What the exercise asks:
Without any pictures, the records below should be reproduced exactly.

Raw data:
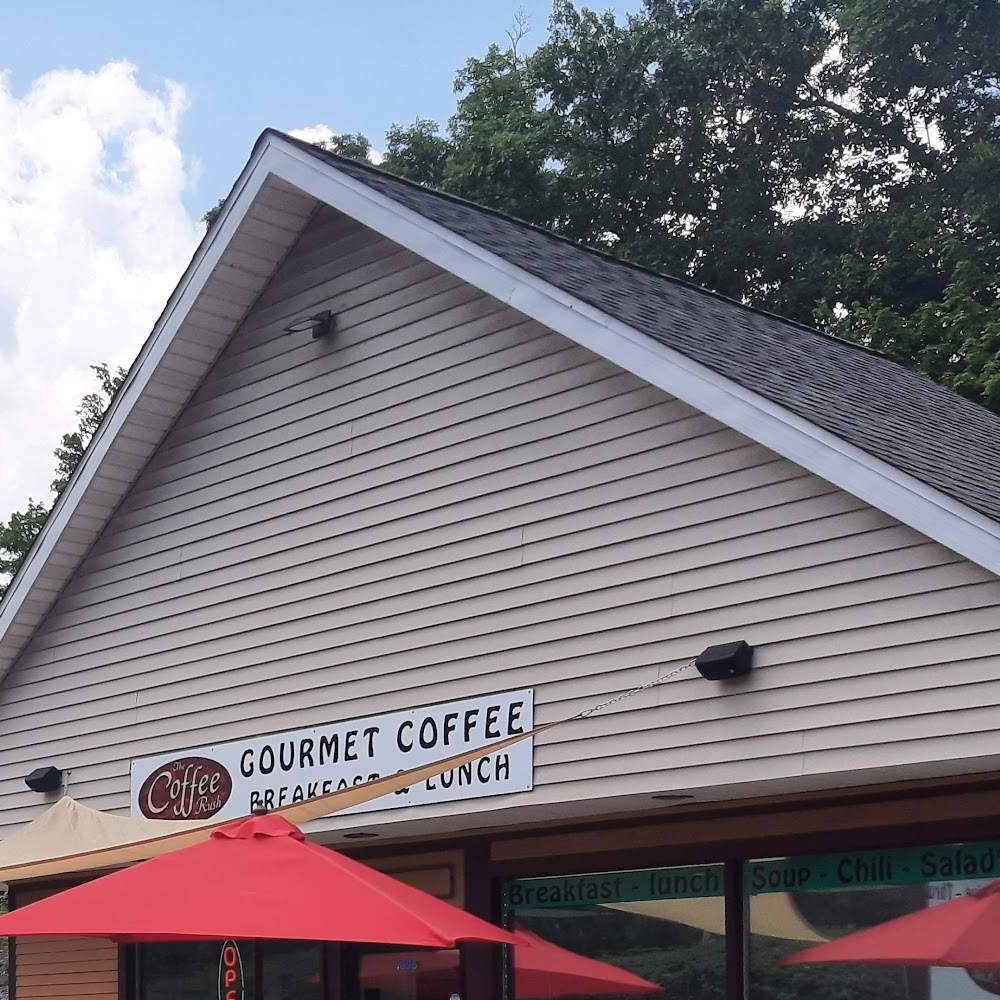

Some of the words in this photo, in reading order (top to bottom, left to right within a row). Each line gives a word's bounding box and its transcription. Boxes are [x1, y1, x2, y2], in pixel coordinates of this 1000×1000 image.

[240, 727, 380, 778] GOURMET
[396, 701, 524, 753] COFFEE
[173, 761, 185, 771] The
[147, 763, 221, 818] Coffee
[195, 795, 222, 815] Rush
[752, 866, 812, 890] Soup
[837, 855, 893, 883] Chili
[921, 847, 1000, 878] Salad
[509, 878, 624, 906] Breakfast
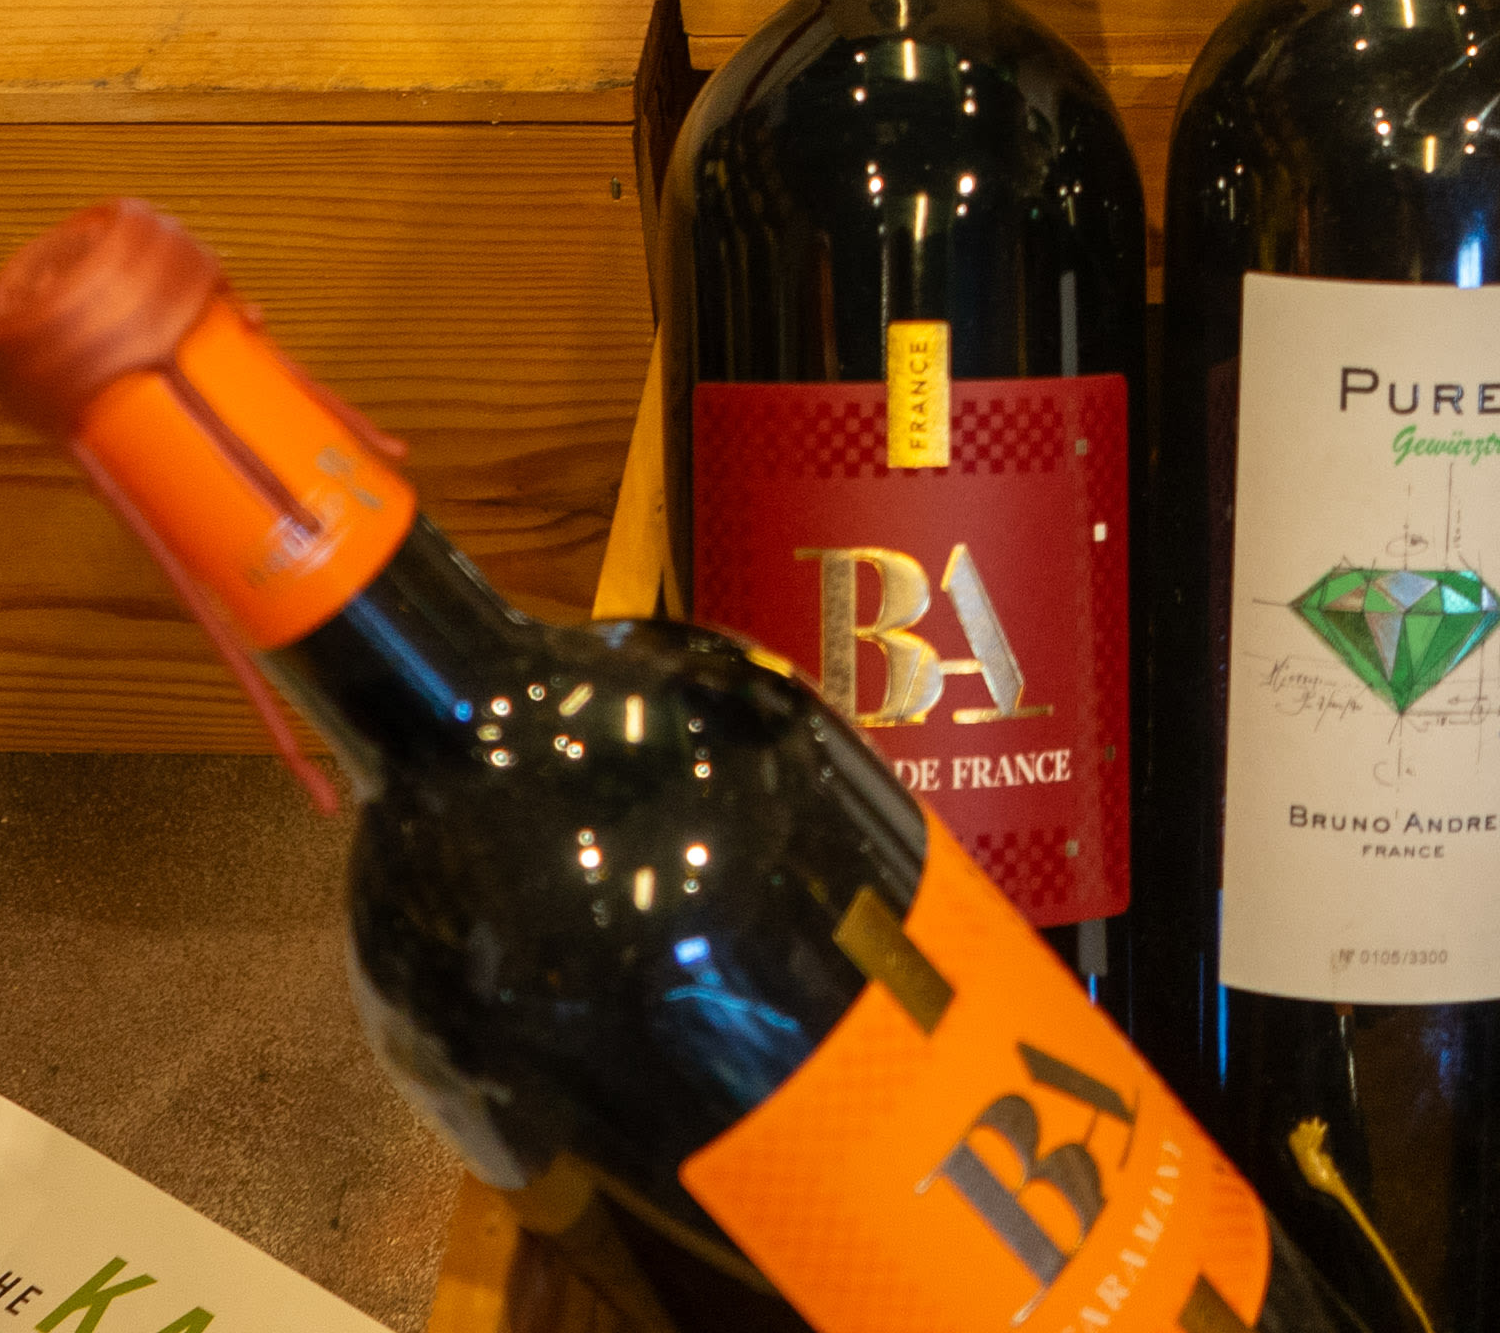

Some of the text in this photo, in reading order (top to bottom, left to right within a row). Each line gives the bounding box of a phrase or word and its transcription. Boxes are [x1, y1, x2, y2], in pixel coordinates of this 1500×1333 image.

[909, 340, 931, 451] FRANCE
[794, 541, 1055, 728] BA
[952, 748, 1073, 789] FRANCE
[1289, 805, 1391, 833] BRUNO
[1362, 844, 1445, 860] FRANCE

Task answer:
Some of the words in this photo, in reading order (top to bottom, left to right within a row). Each line gives a word's bounding box and its transcription. Boxes are [x1, y1, x2, y2], in pixel coordinates of this 1000×1000 image.

[240, 727, 380, 778] GOURMET
[396, 701, 524, 753] COFFEE
[173, 761, 185, 771] The
[147, 763, 221, 818] Coffee
[195, 795, 222, 815] Rush
[752, 866, 812, 890] Soup
[837, 855, 893, 883] Chili
[921, 847, 1000, 878] Salad
[509, 878, 624, 906] Breakfast

Some of the text in this photo, in reading order (top to bottom, left to right within a row). Each line gives the bounding box of a phrase or word and its transcription. Boxes are [x1, y1, x2, y2], in pixel coordinates of this 1500×1333 image.

[909, 340, 931, 451] FRANCE
[794, 541, 1055, 728] BA
[952, 748, 1073, 789] FRANCE
[1289, 805, 1391, 833] BRUNO
[1362, 844, 1445, 860] FRANCE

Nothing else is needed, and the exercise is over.